The Return of Anita Bryant

Most readers of this blog are old enough to remember Anita Bryant, and her campaign to “Save Our Children” from those wicked gay people.  Over the years, she’s become something of a punch line, at least in the gay community. To appropriate a line from the movie Jaws, however, “she’s back!” Not in the flesh, of course, but in the antics of state-level GOP political figures like Ron DeSantis.

The return of Republican focus on–and antipathy to–equal rights for LGBTQ+ Americans was highlighted in a recent roundtable discussion among New York Times  opinion writers.

That discussion included a number of penetrating observations, and I will be posting about a couple of them in future posts.
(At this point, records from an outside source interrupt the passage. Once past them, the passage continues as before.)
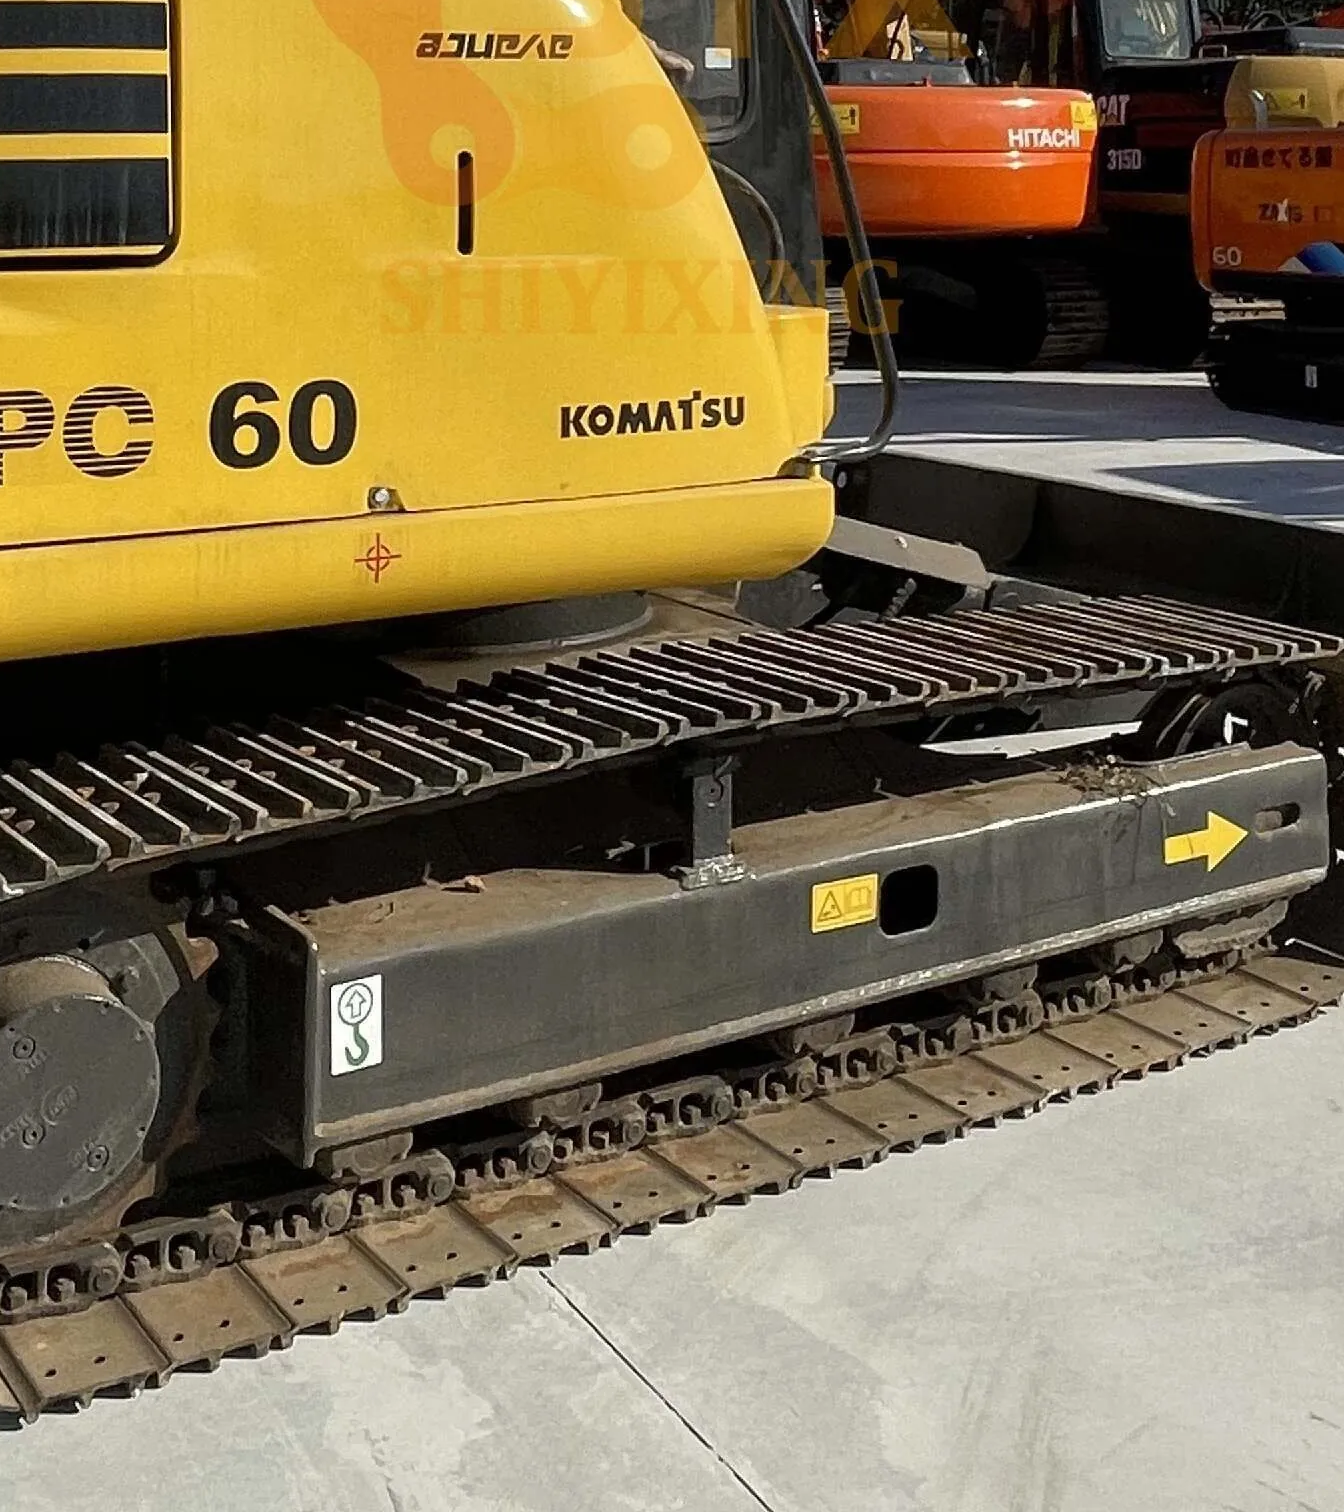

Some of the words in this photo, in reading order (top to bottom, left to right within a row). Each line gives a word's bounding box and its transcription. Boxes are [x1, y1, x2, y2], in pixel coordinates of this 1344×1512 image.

[1096, 94, 1131, 127] CAT
[1008, 128, 1080, 148] HITACHI
[1107, 149, 1142, 171] 315D
[1211, 246, 1242, 267] 60
[208, 378, 359, 471] 60
[559, 389, 746, 440] KOMATSU
But today, I want to share what I believe are well-founded concerns about what appears to be a foundational issue for Republican culture warriors.

One of the participants in the Roundtable, Jane Coaston, addressed that issue–return of  the GOP’s assault on LGBTQ rights.
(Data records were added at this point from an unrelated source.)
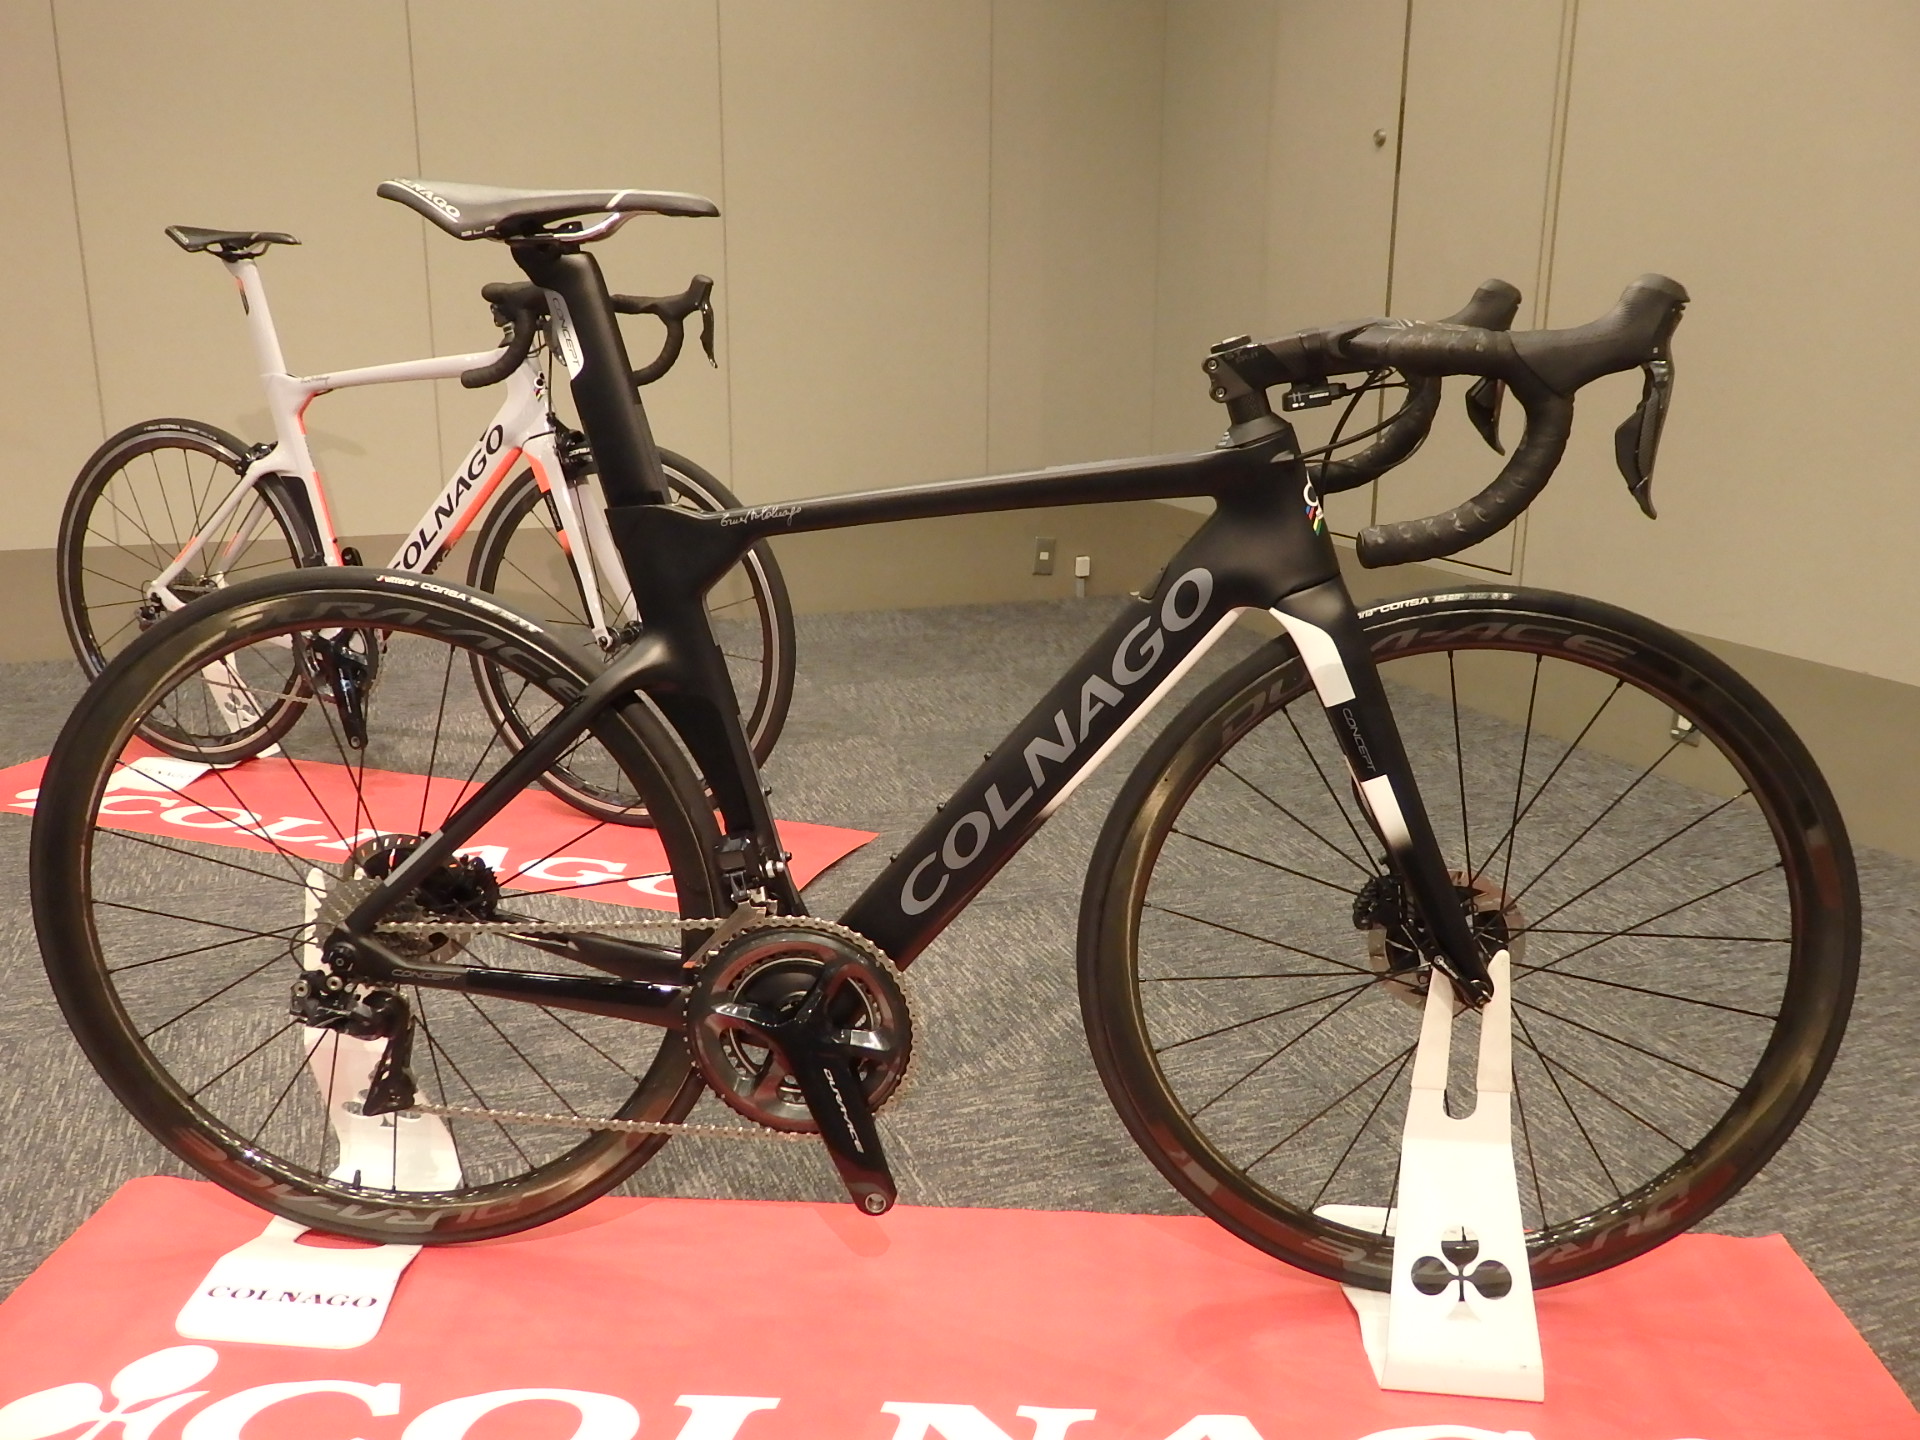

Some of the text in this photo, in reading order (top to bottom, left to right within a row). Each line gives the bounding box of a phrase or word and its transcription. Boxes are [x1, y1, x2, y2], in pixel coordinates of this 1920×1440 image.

[552, 297, 580, 368] CONCEPT
[393, 424, 504, 570] OLNAGO
[420, 582, 467, 601] CORSA
[1379, 596, 1430, 613] CORSA
[900, 567, 1214, 916] COLNAGO
[1342, 707, 1377, 772] CONCEPT
[391, 968, 462, 981] CONCEPT
[207, 1285, 378, 1308] COLNAGO
 I went back to some old Times pieces talking about the Southern Baptist Convention’s boycott of Disney, because Disney started offering same-sex health care benefits in 1995. I think that for anyone who is L.G.B.T. and over the age of 30, this all seems very repetitive.

Ezra Klein, another Roundtable participant, identified a “challenge” to the strategists of the G.O.P.– he pointed out that the party has “this wave of people” who have begun screaming, “OK, groomer,” at literally any L.G.B.T. person on the internet. Despite the fact that traditional conservative outlets like National Review are warning politicians not to say things like that, “no one’s listening.”

He’s right. Bloomberg reports that Republican legislators have proposed at least 325 anti-gay bills this year, with about 130 targeting transgender rights. Twenty-seven became law in 2021;  so far this year, seven have passed.

As Coaston noted,

 These issues have to do, one, with a conceit of what L.G.B.T. people are and how L.G.B.T. people become L.G.B.T. I think we’ve seen over the last couple of days, some social conservatives who essentially argue that bills like in Florida, which keep being posited as being about sex ed — they aren’t about sex ed. There’s no mention of sex education or sexual activity in that bill. It mentions sexual orientation and gender identity. But the idea is that if you simply do not ever let people know that there is such thing as gay or trans people, then people will not be gay or trans.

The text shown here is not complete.